A Generalized Discrete-Time Altafini Model

TL;DR

This paper analyzes a generalized discrete-time consensus model with complex interactions, showing conditions for clustering or consensus based on the structure of the gain graphs and their balance properties.

Contribution

It extends the Altafini model to complex gains, providing a graphical approach to characterize the conditions for clustering and consensus in networked agents.

Findings

Clustering occurs exponentially fast under repeatedly jointly structurally balanced graphs.

Consensus at zero is achieved if the gain graphs are repeatedly jointly strongly connected and unbalanced.

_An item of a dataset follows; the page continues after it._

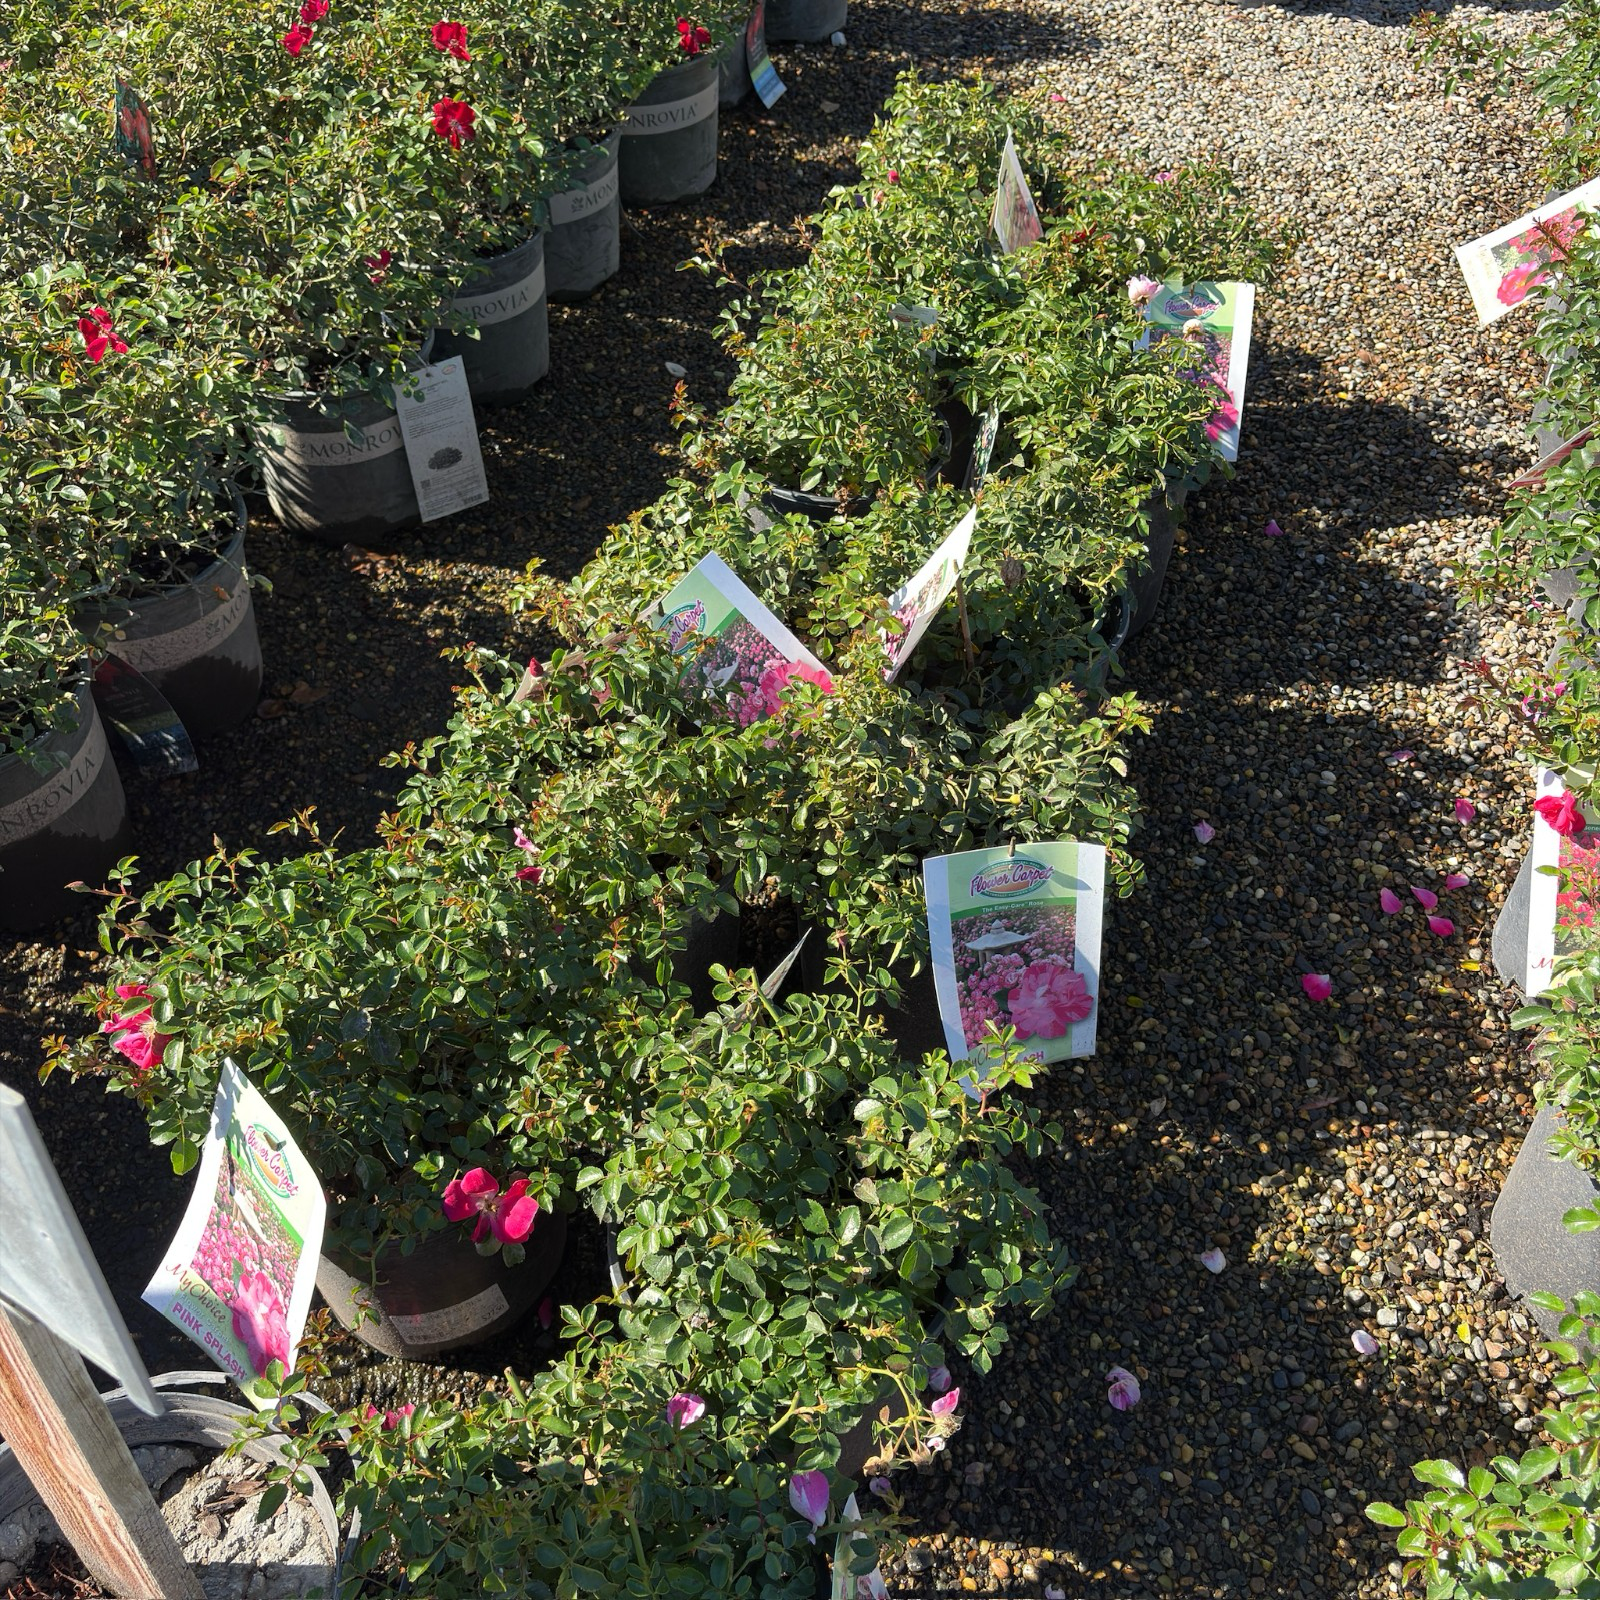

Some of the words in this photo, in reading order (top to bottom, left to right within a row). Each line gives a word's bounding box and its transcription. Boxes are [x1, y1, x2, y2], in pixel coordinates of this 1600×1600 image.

The model generalizes the Altafini model to complex cyclic groups.

Abstract

A discrete-time modulus consensus model is considered in which the interaction among a family of networked agents is described by a time-dependent gain graph whose vertices correspond to agents and whose arcs are assigned complex numbers from a cyclic group. Limiting behavior of the model is studied using a graphical approach. It is shown that, under appropriate connectedness, a certain type of clustering will be reached exponentially fast for almost all initial conditions if and only if the sequence of gain graphs is "repeatedly jointly structurally balanced" corresponding to that type of clustering, where the number of clusters is at most the order of a cyclic group. It is also shown that the model will reach a consensus asymptotically at zero if the sequence of gain graphs is repeatedly jointly strongly connected and structurally unbalanced. In the special case when the cyclic group is of order two, the model simplifies to the so-called Altafini model whose gain graph is simply a signed graph.